That connection isn’t accidental.
In moments when the world feels undone, God’s Spirit is moving. In moments when everything seems washed out or broken down, God is not absent or scrambling for a solution. He is already at work, breathing life where there was none, shaping order out of chaos, preparing something new.
The flood is often remembered for its destruction, and rightly so. But Scripture doesn’t let the story end there. The movement of ruah signals that God is not finished. Judgment does not have the final word. Renewal is coming. Life will begin again—not because humanity figured it out, but because God’s Spirit moved.
This pattern shows up again and again.
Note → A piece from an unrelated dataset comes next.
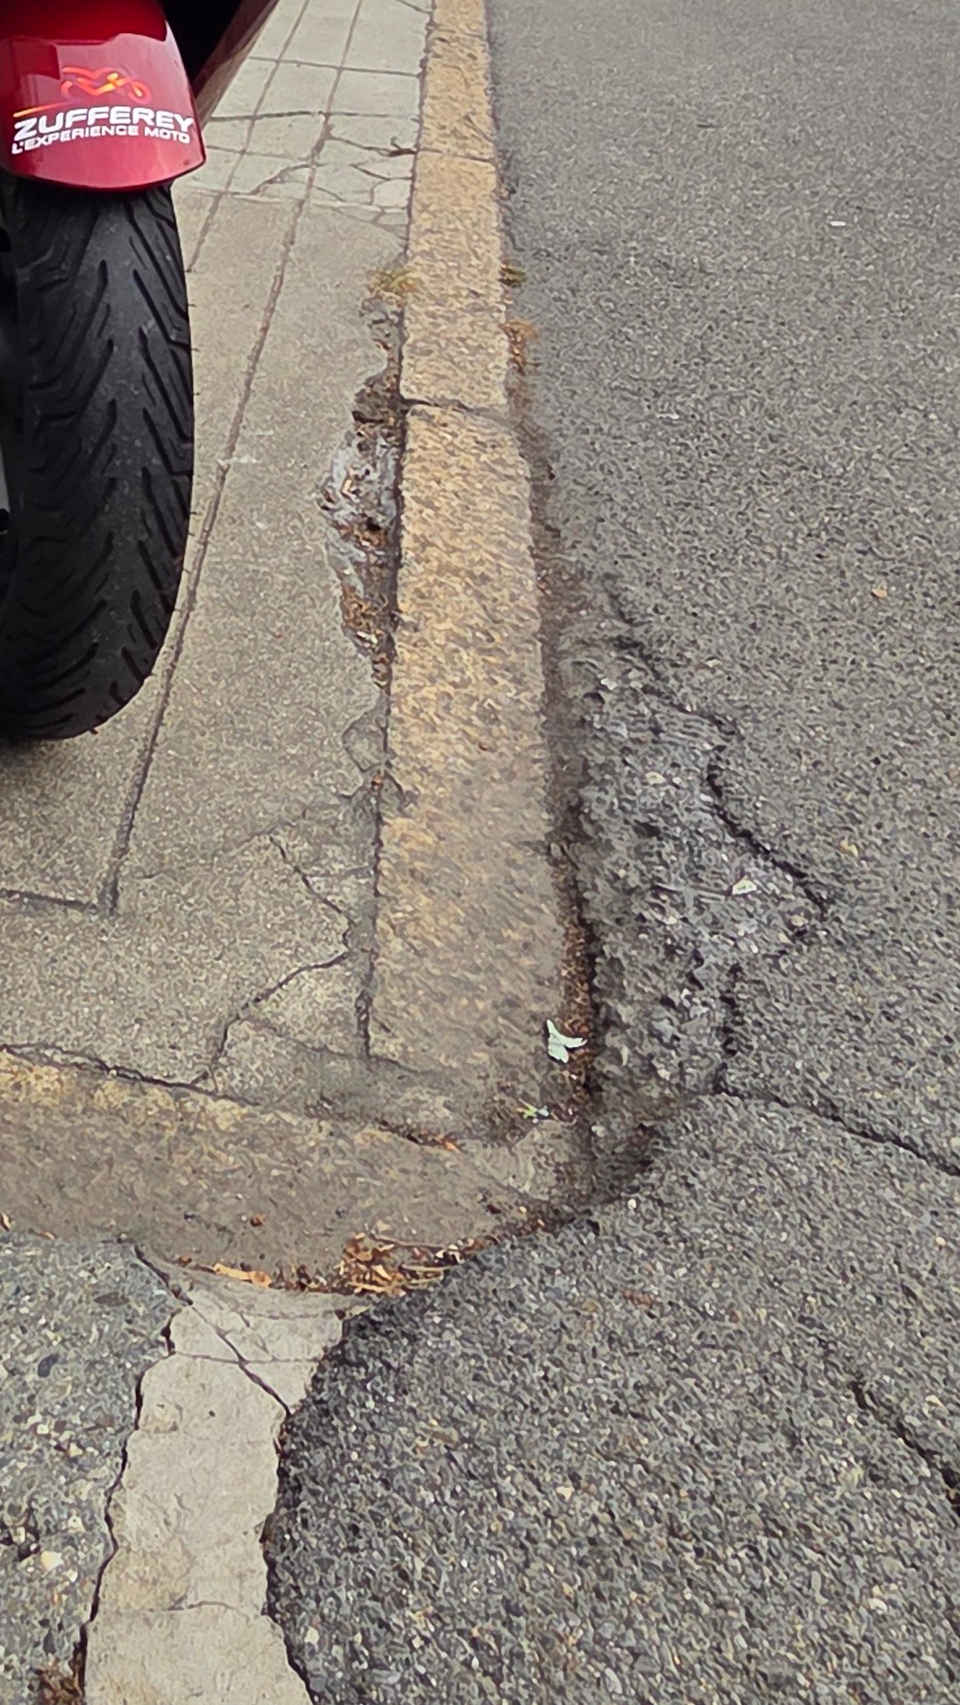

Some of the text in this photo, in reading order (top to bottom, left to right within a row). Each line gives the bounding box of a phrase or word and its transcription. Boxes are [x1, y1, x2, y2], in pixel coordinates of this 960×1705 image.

Creation. Re-creation. New beginnings that arrive not through human strength or ingenuity, but through the quiet, powerful work of God’s Spirit.
That thread stretches all the way to Pentecost, when the sound of a rushing wind fills the room where the believers are gathered. Once again, ruah. Once again, God breathing life—this time into His people. And the result is not merely personal renewal, but world-altering movement. Ordinary men and women, empowered by the Spirit of God, step into God’s purposes and history is changed forever.
We often underestimate what God can do through lives yielded to His Spirit. We expect transformation to come through force, planning, or personality. But Scripture keeps pointing us back to the same truth: where the Spirit of God is moving, something new is being born.
That’s still true today.
When the Spirit of the Lord is at work, big things are happening—sometimes quietly, sometimes slowly, often beneath the surface before anyone else notices. Our call is not to manufacture that work, but to submit ourselves to it. To stay attentive. To remain open. To trust that God’s breath brings life, even when the world feels flooded and uncertain.
God,
You are the giver of life, the One whose Spirit moves where we cannot see.
Forgive us for the ways we resist Your work or try to control it. Forgive us for trusting our own strength more than Your breath.
Teach us to recognize the movement of Your Spirit and to surrender ourselves fully to Your will. Breathe new life into what feels worn down or broken within us.
We offer ourselves to You again today. Shape us, fill us, and use us for Your purposes, trusting that where Your Spirit moves, life follows.
Amen.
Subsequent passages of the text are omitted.